*What the task asks:* Could you retype all of the records exactly, leaving out every picture?

+--

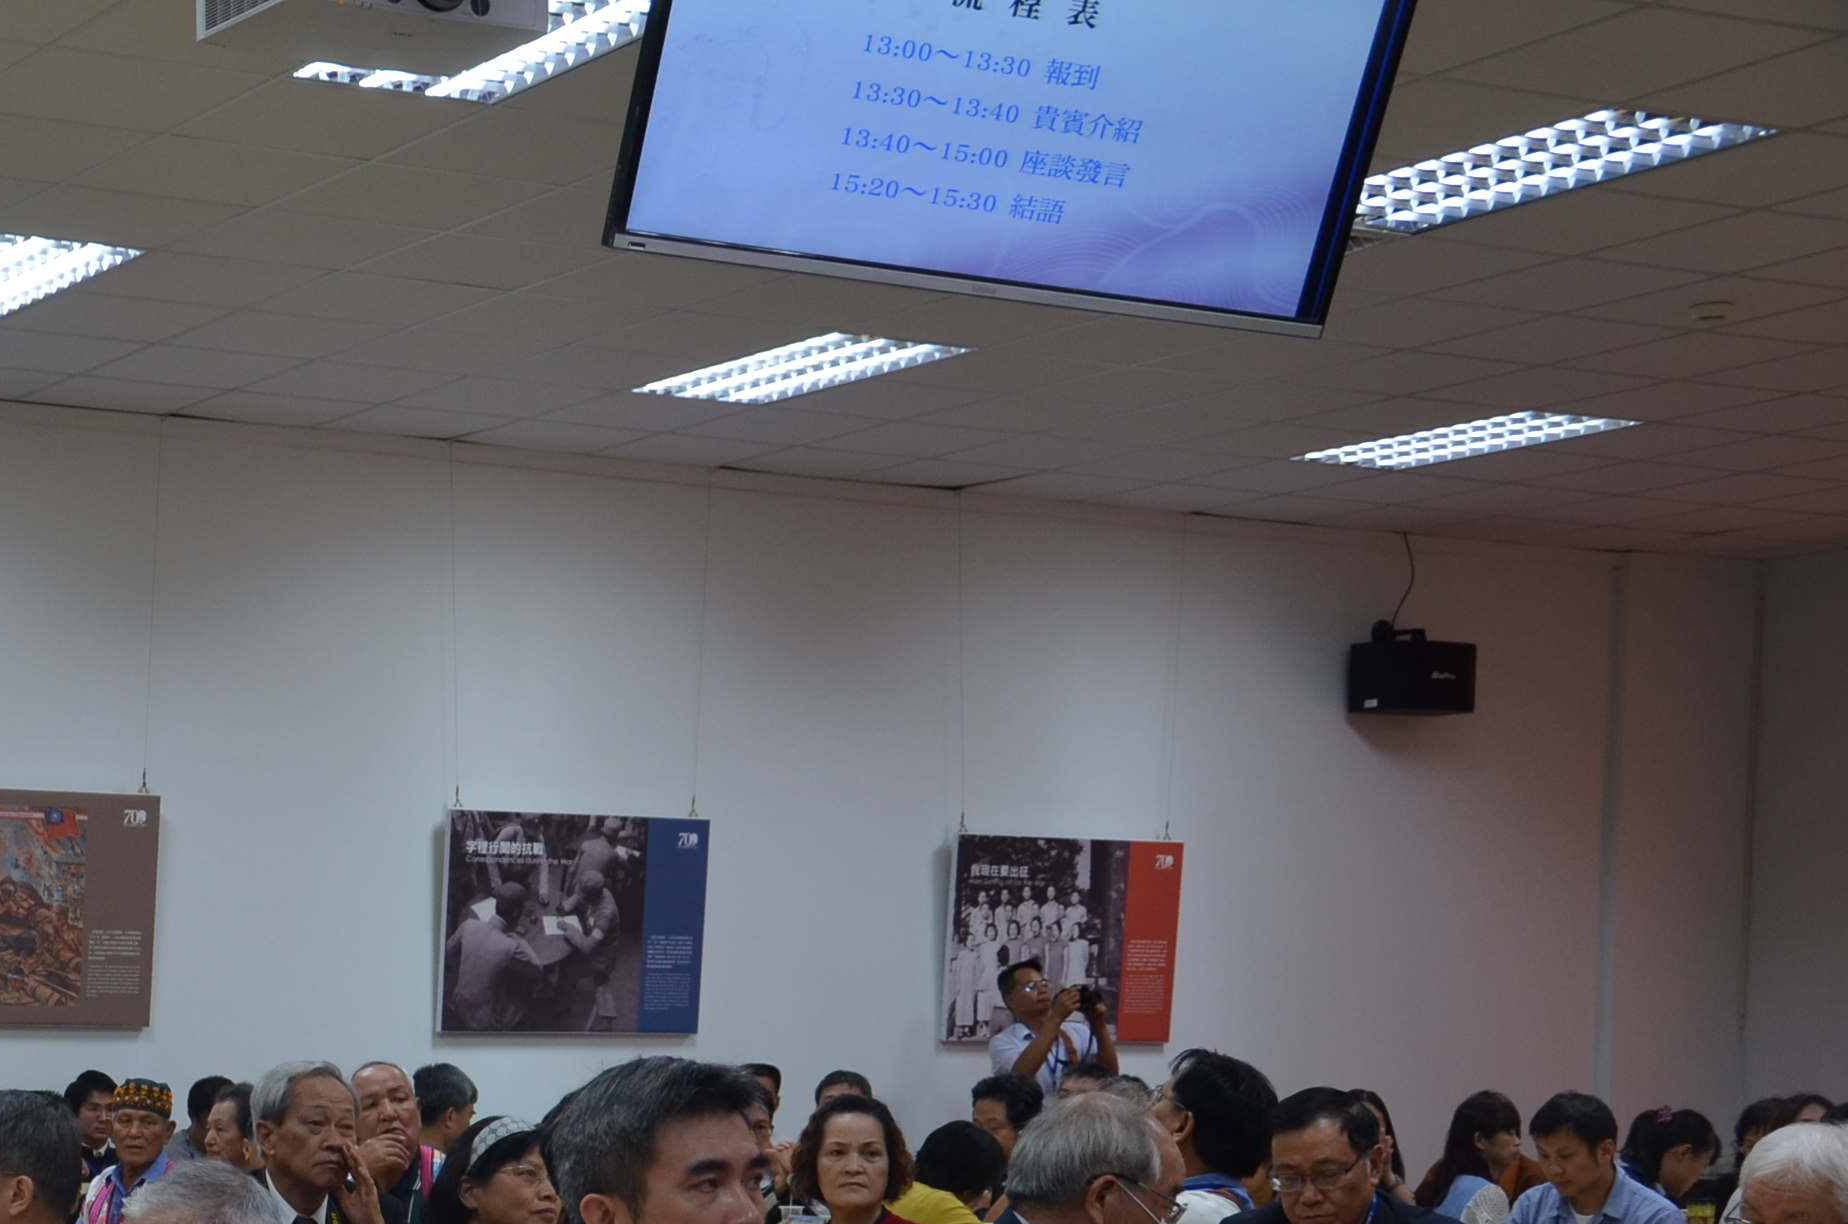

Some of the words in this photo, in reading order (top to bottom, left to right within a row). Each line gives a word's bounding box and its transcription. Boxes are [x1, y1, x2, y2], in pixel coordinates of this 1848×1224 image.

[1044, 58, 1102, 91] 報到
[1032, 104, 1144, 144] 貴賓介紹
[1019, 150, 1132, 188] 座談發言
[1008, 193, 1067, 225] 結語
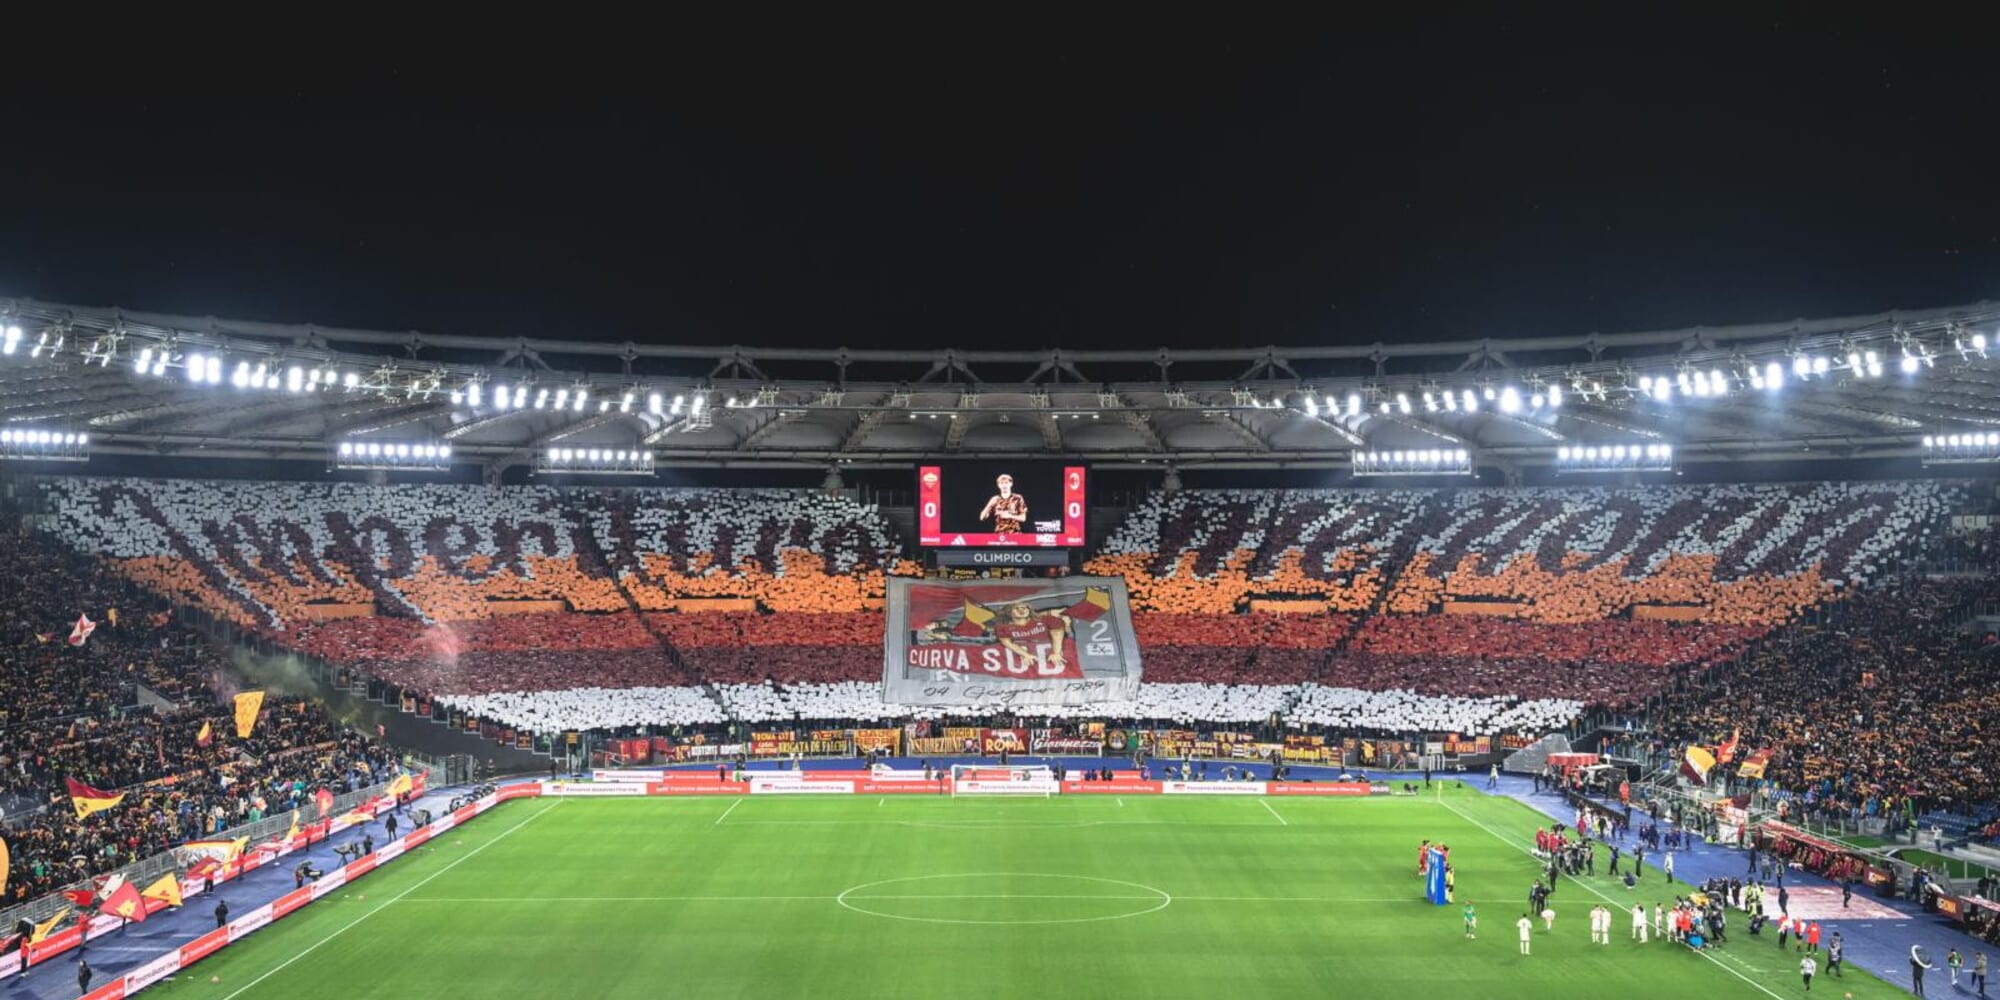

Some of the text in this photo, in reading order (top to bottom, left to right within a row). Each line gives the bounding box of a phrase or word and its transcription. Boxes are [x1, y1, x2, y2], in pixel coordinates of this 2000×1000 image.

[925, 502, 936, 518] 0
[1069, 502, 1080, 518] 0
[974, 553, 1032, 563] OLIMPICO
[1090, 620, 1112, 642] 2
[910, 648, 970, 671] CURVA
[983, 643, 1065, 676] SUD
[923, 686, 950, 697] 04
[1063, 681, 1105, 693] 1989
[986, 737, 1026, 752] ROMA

+--

*Task result:*
Some of the words in this photo, in reading order (top to bottom, left to right within a row). Each line gives a word's bounding box and its transcription. Boxes are [x1, y1, x2, y2], in pixel coordinates of this 1848×1224 image.

[1044, 58, 1102, 91] 報到
[1032, 104, 1144, 144] 貴賓介紹
[1019, 150, 1132, 188] 座談發言
[1008, 193, 1067, 225] 結語

Some of the text in this photo, in reading order (top to bottom, left to right within a row). Each line gives the bounding box of a phrase or word and its transcription. Boxes are [x1, y1, x2, y2], in pixel coordinates of this 2000×1000 image.

[925, 502, 936, 518] 0
[1069, 502, 1080, 518] 0
[974, 553, 1032, 563] OLIMPICO
[1090, 620, 1112, 642] 2
[910, 648, 970, 671] CURVA
[983, 643, 1065, 676] SUD
[923, 686, 950, 697] 04
[1063, 681, 1105, 693] 1989
[986, 737, 1026, 752] ROMA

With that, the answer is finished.